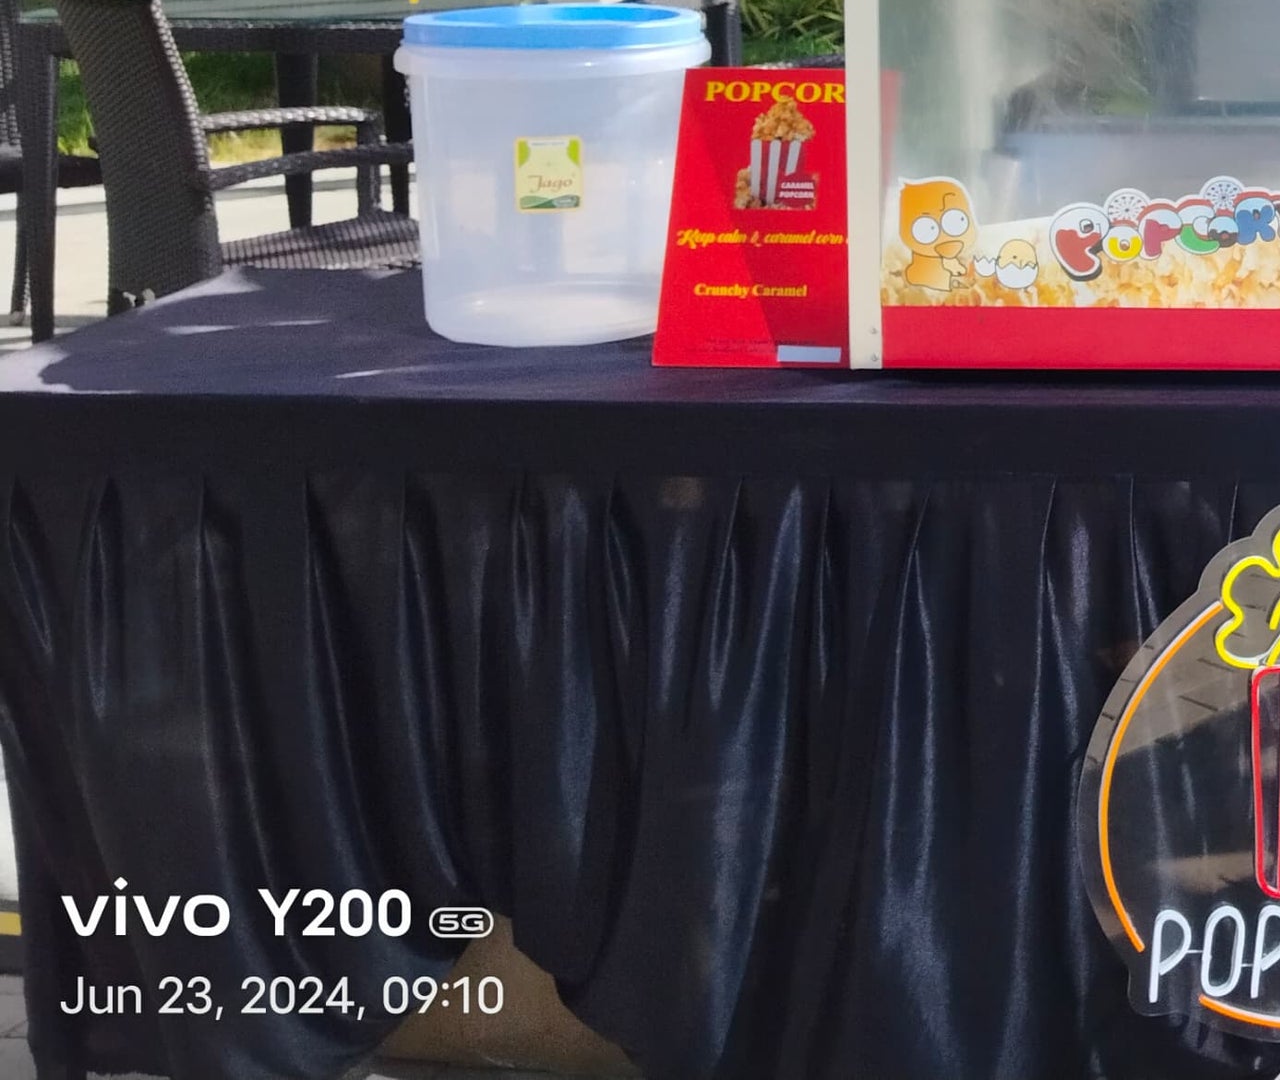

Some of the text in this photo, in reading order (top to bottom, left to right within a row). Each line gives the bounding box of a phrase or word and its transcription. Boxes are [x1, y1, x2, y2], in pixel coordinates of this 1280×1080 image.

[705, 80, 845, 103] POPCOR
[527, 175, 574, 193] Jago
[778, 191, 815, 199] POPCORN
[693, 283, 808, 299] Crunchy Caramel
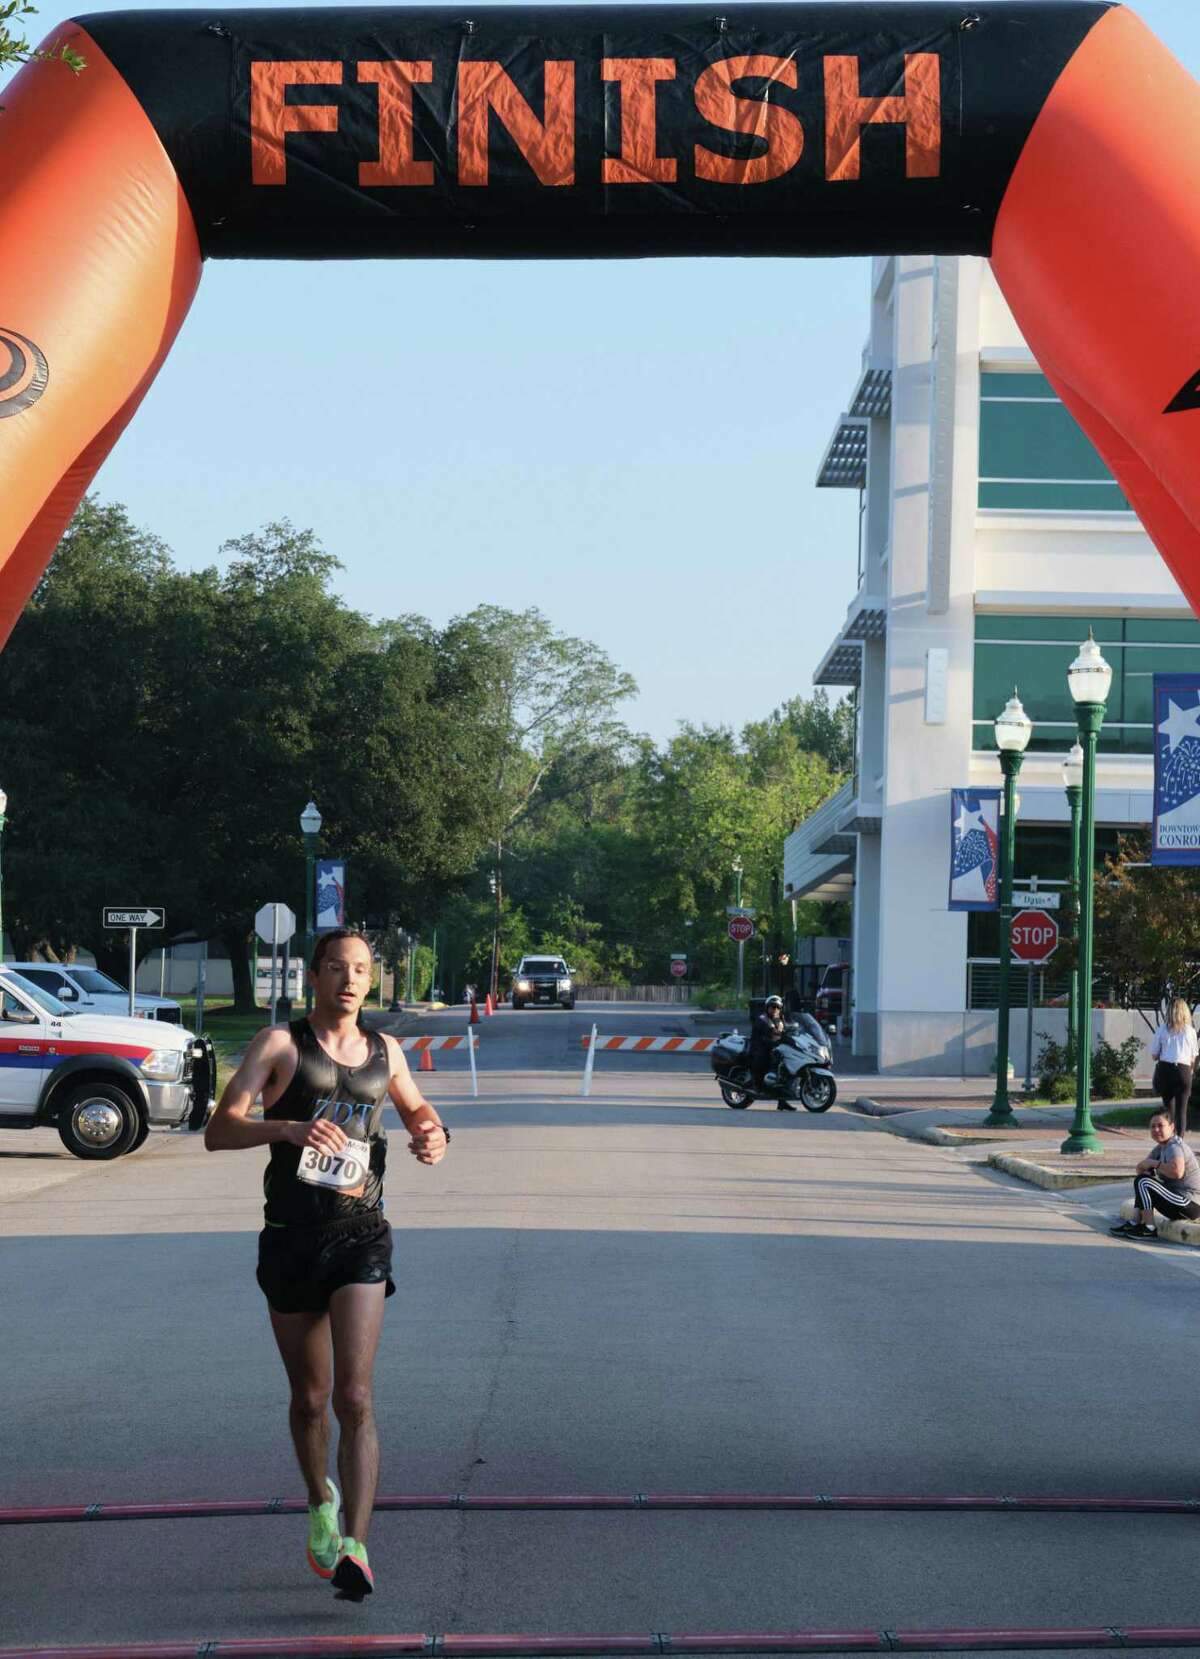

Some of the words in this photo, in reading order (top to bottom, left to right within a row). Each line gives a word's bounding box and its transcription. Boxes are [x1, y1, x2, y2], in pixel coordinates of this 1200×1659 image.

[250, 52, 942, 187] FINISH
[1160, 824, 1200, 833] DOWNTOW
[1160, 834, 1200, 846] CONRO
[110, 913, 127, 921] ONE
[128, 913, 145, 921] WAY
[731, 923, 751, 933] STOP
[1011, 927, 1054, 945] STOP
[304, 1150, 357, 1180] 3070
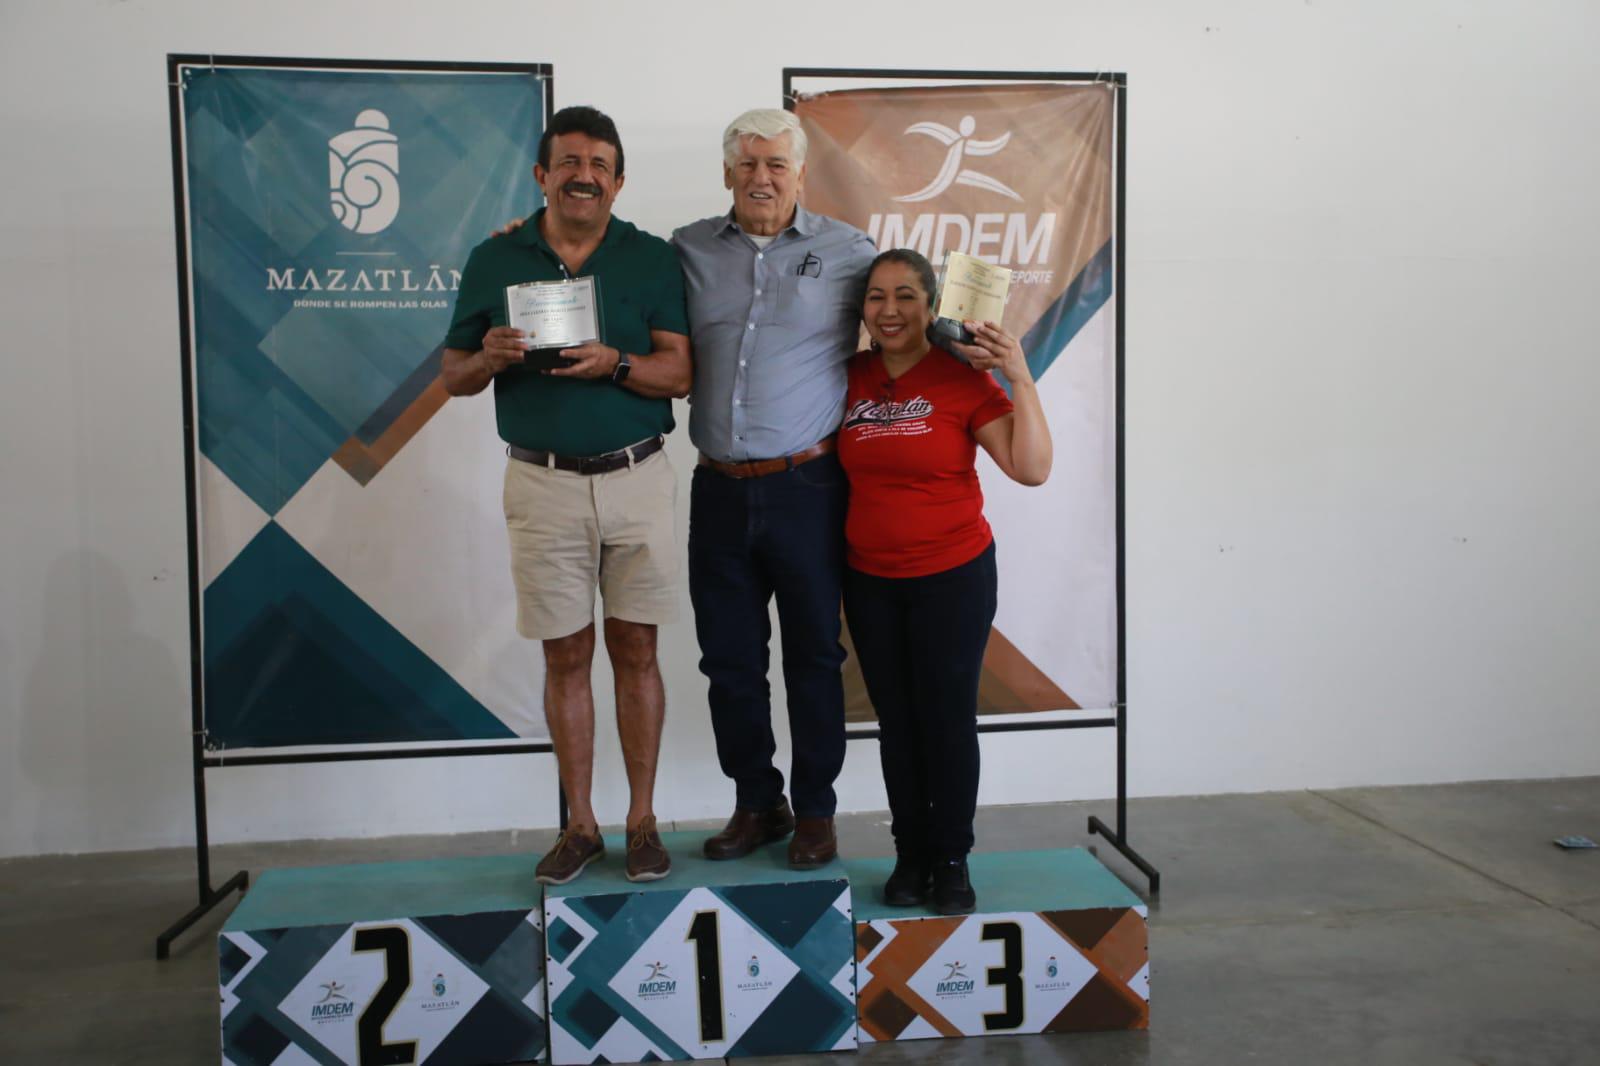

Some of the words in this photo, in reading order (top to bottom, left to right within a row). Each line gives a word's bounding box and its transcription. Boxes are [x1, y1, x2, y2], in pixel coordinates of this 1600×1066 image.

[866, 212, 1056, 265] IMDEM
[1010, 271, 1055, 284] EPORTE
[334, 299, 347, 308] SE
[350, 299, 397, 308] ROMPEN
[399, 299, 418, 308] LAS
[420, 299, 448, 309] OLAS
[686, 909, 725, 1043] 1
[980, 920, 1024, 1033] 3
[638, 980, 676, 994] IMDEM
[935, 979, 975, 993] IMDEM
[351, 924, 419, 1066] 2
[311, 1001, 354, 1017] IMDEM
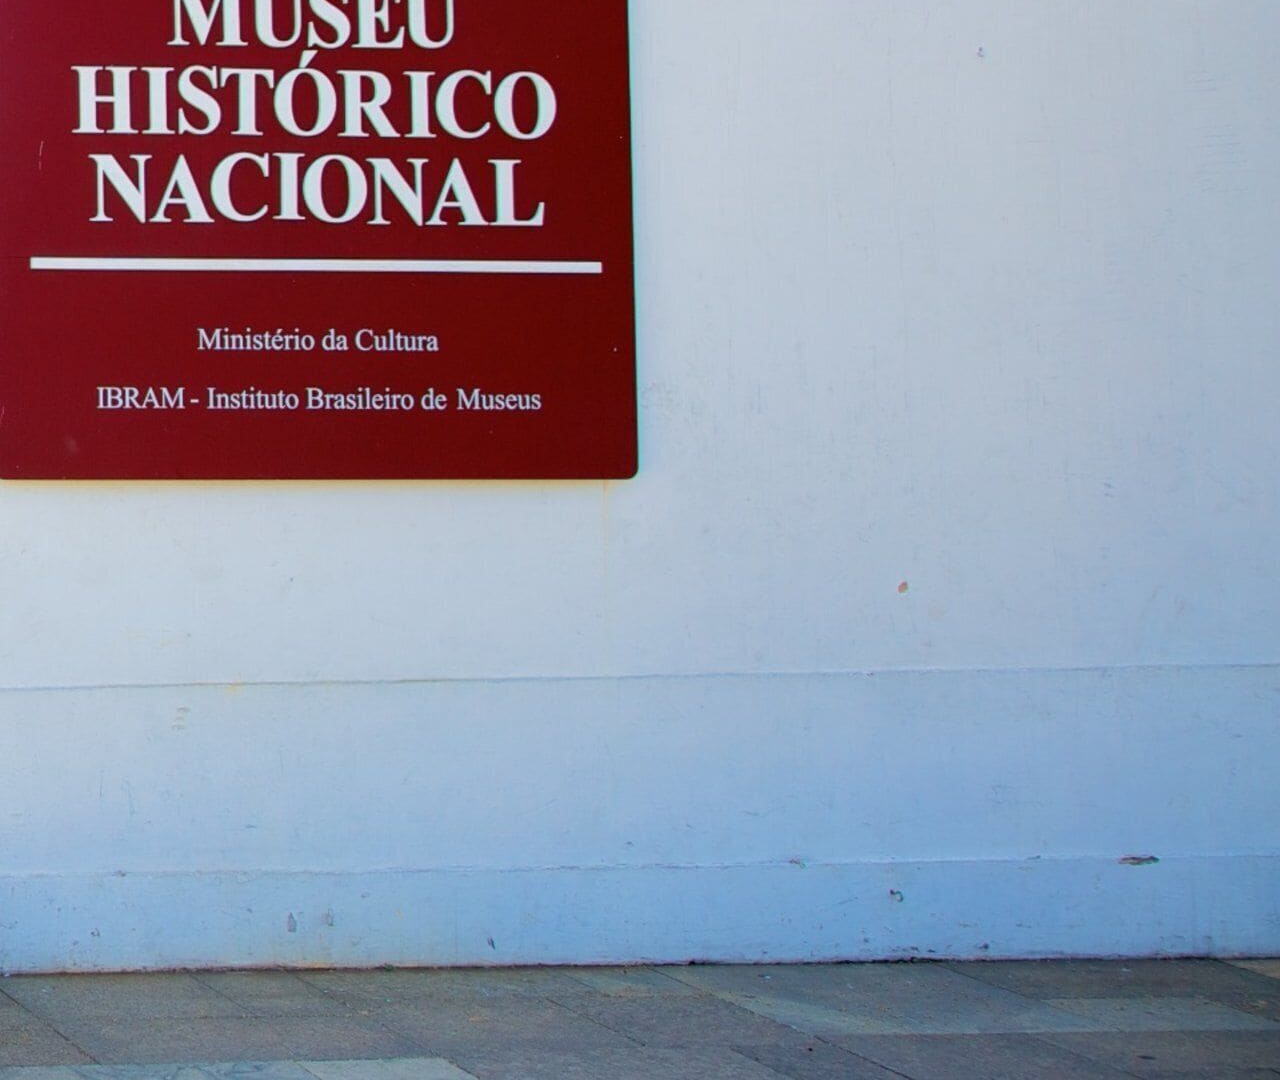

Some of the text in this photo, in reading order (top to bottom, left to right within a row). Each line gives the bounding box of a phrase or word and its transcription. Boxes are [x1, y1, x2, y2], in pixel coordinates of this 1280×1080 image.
___
_Exercise_
Exact copy, no pictures: write out all the records above.

_Answer below_
Some of the text in this photo, in reading order (top to bottom, left to right within a row). Each line gives the bounding box of a phrase or word and its transcription. Boxes are [x1, y1, x2, y2], in pixel coordinates of this 1280×1080 image.

[705, 80, 845, 103] POPCOR
[527, 175, 574, 193] Jago
[778, 191, 815, 199] POPCORN
[693, 283, 808, 299] Crunchy Caramel

Some of the words in this photo, in reading order (top to bottom, left to right within a row). Each line gives a word's bounding box and its transcription. Boxes are [x1, y1, x2, y2], in pixel coordinates of this 1200×1659 image.

[250, 52, 942, 187] FINISH
[1160, 824, 1200, 833] DOWNTOW
[1160, 834, 1200, 846] CONRO
[110, 913, 127, 921] ONE
[128, 913, 145, 921] WAY
[731, 923, 751, 933] STOP
[1011, 927, 1054, 945] STOP
[304, 1150, 357, 1180] 3070

Some of the words in this photo, in reading order (top to bottom, left to right within a row). Each line gives a word's bounding box and its transcription. Boxes are [x1, y1, x2, y2], in pixel coordinates of this 1600×1066 image.

[866, 212, 1056, 265] IMDEM
[1010, 271, 1055, 284] EPORTE
[334, 299, 347, 308] SE
[350, 299, 397, 308] ROMPEN
[399, 299, 418, 308] LAS
[420, 299, 448, 309] OLAS
[686, 909, 725, 1043] 1
[980, 920, 1024, 1033] 3
[638, 980, 676, 994] IMDEM
[935, 979, 975, 993] IMDEM
[351, 924, 419, 1066] 2
[311, 1001, 354, 1017] IMDEM

Some of the text in this photo, in reading order (top to bottom, left to right within a row). Each line gives the bounding box of a phrase or word and its transcription. Boxes are [x1, y1, x2, y2], in pixel coordinates of this 1280×1080 image.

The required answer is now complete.